▼
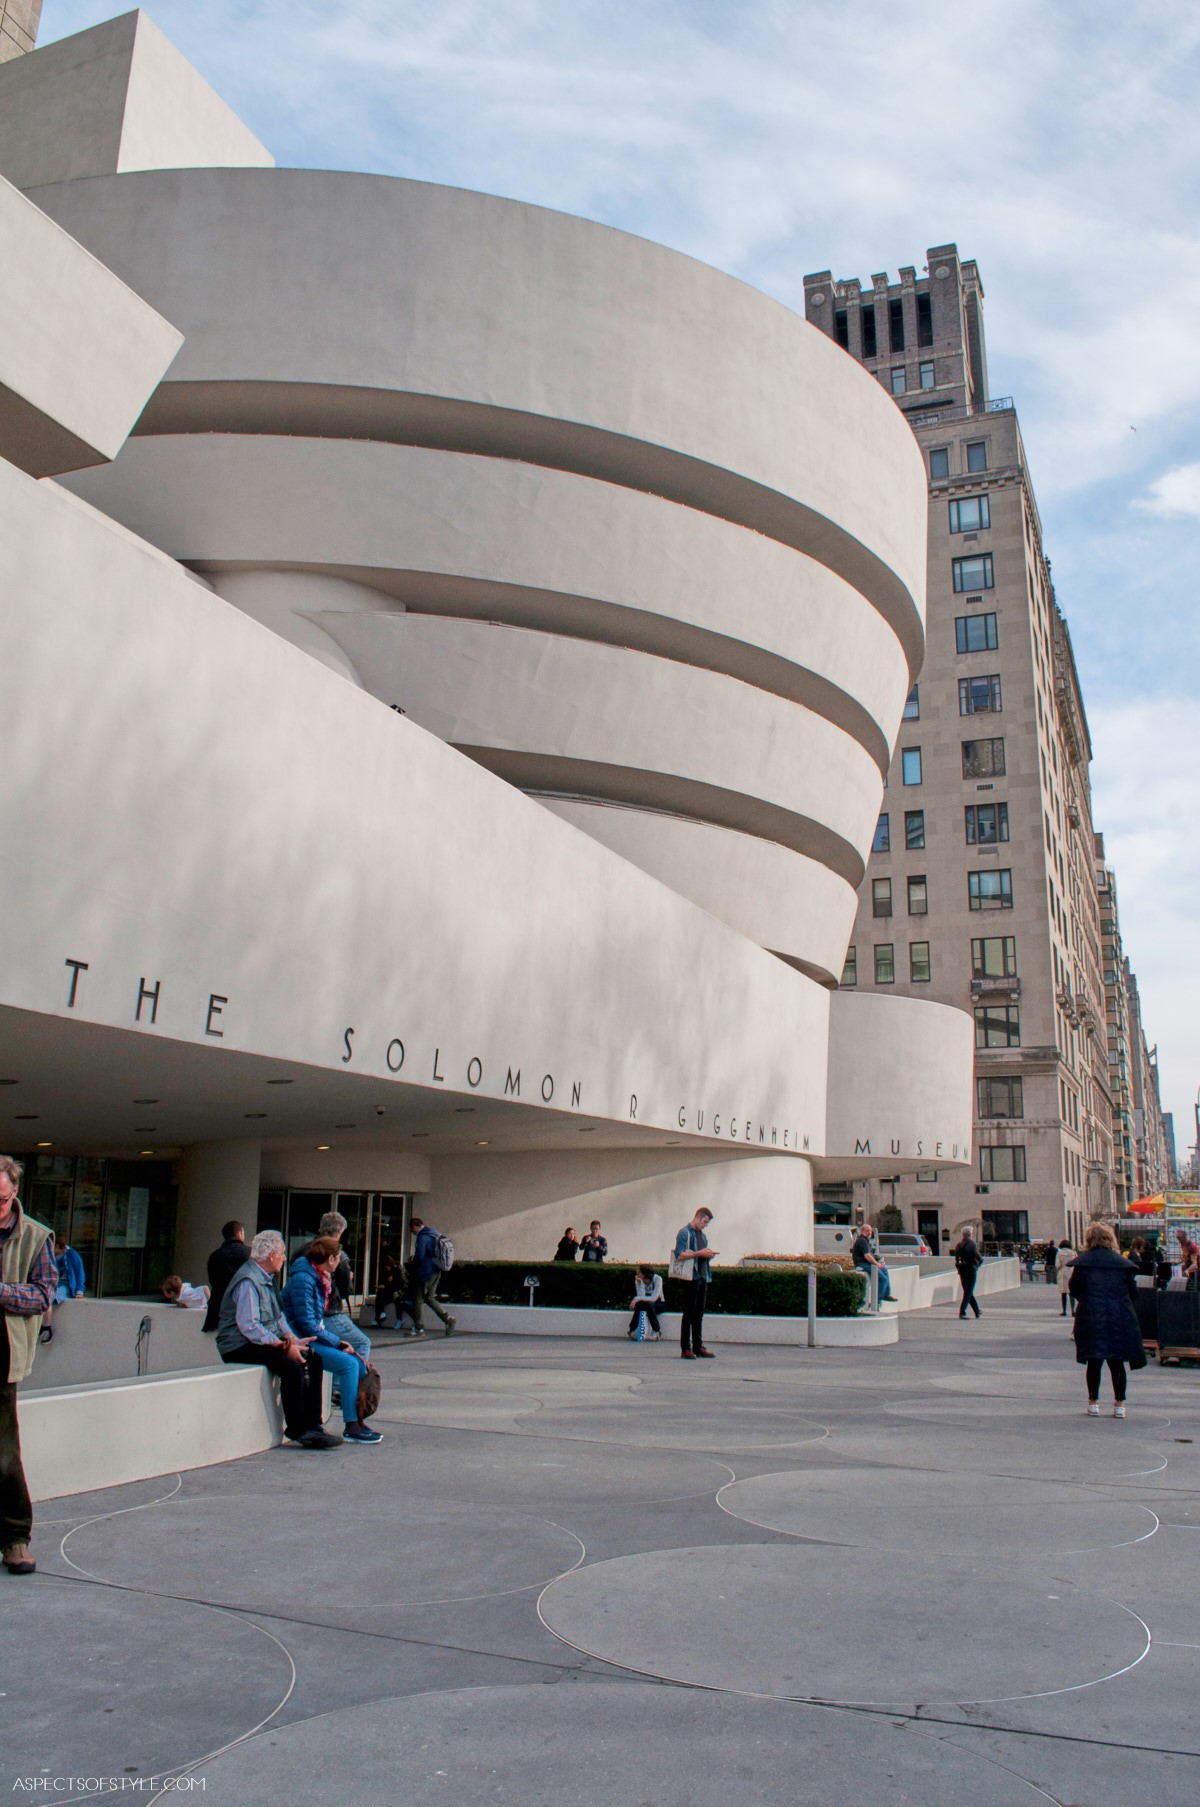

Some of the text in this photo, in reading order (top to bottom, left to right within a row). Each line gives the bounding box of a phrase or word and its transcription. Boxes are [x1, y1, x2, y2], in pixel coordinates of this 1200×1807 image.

[65, 958, 229, 1038] THE
[342, 1027, 582, 1109] SOLOMON
[629, 1093, 638, 1119] R
[677, 1105, 810, 1152] GUGGENHEIM
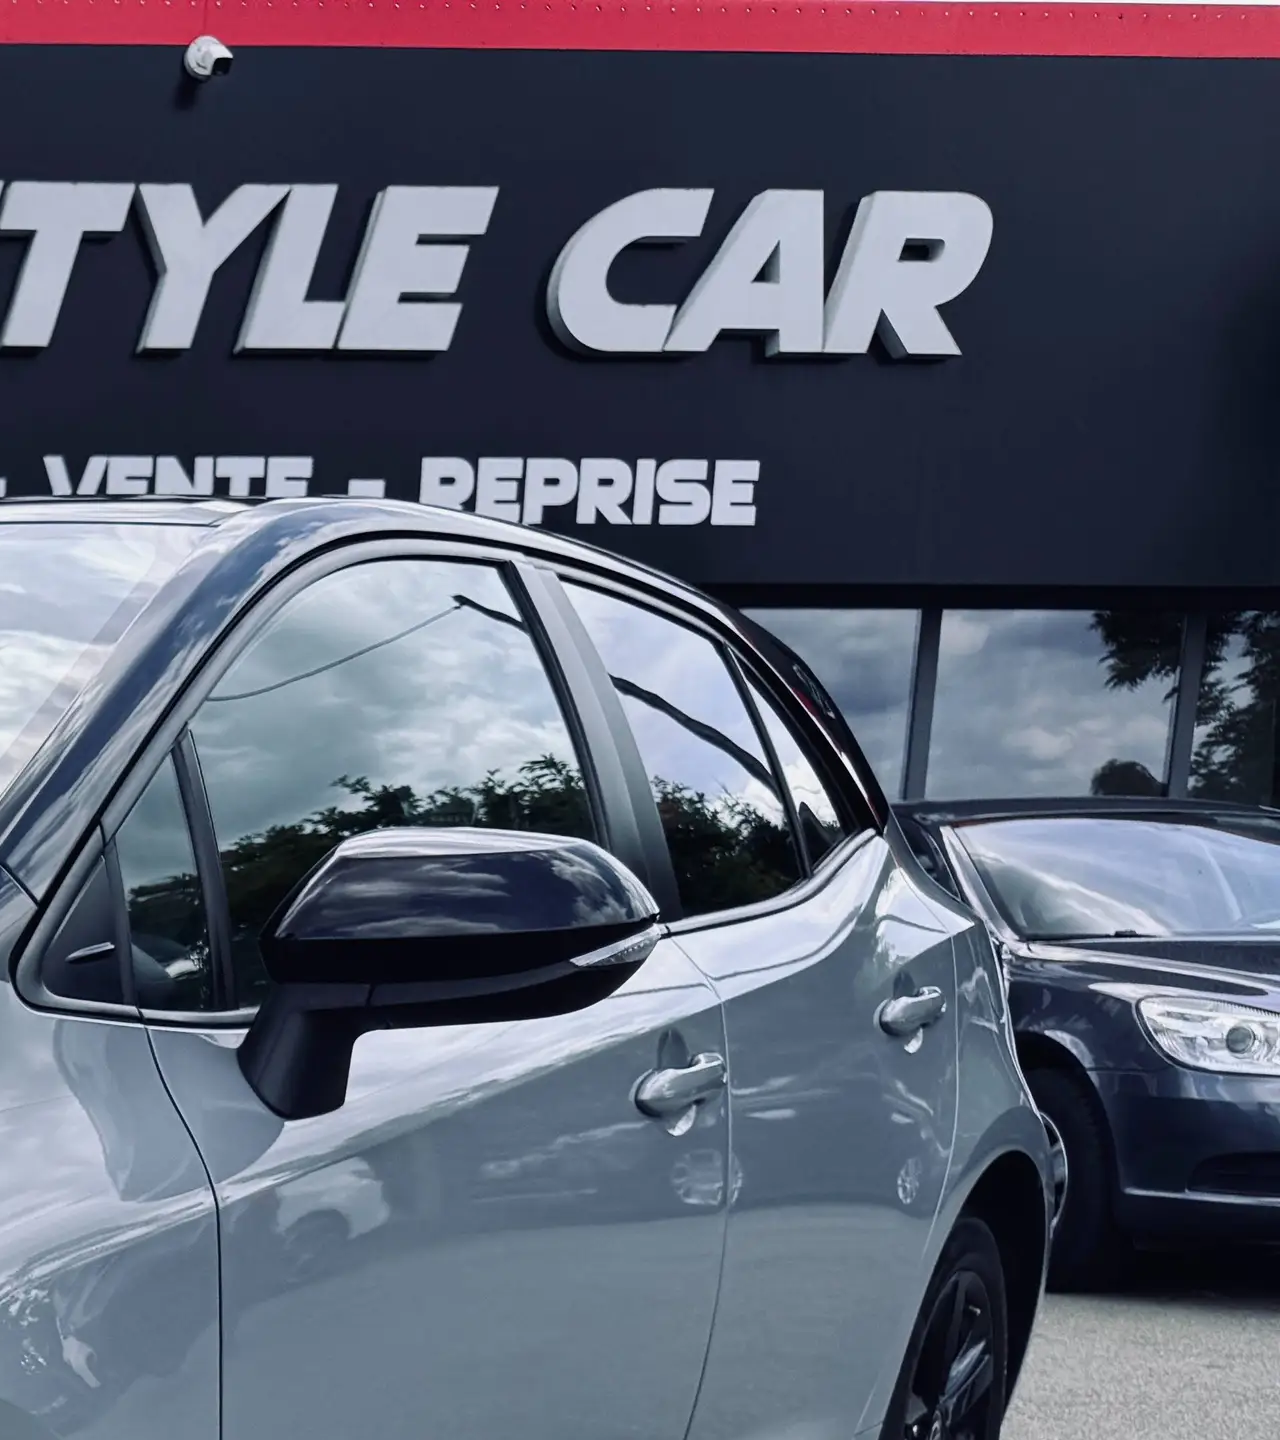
▲
REQUIRED WORK ::
Give back every record precisely as it stands, without the images.

RESPONSE TO THIS TASK ::
Some of the text in this photo, in reading order (top to bottom, left to right within a row). Each line gives the bounding box of a phrase or word and its transcription. Boxes are [x1, y1, x2, y2], in pixel coordinates of this 1200×1807 image.

[65, 958, 229, 1038] THE
[342, 1027, 582, 1109] SOLOMON
[629, 1093, 638, 1119] R
[677, 1105, 810, 1152] GUGGENHEIM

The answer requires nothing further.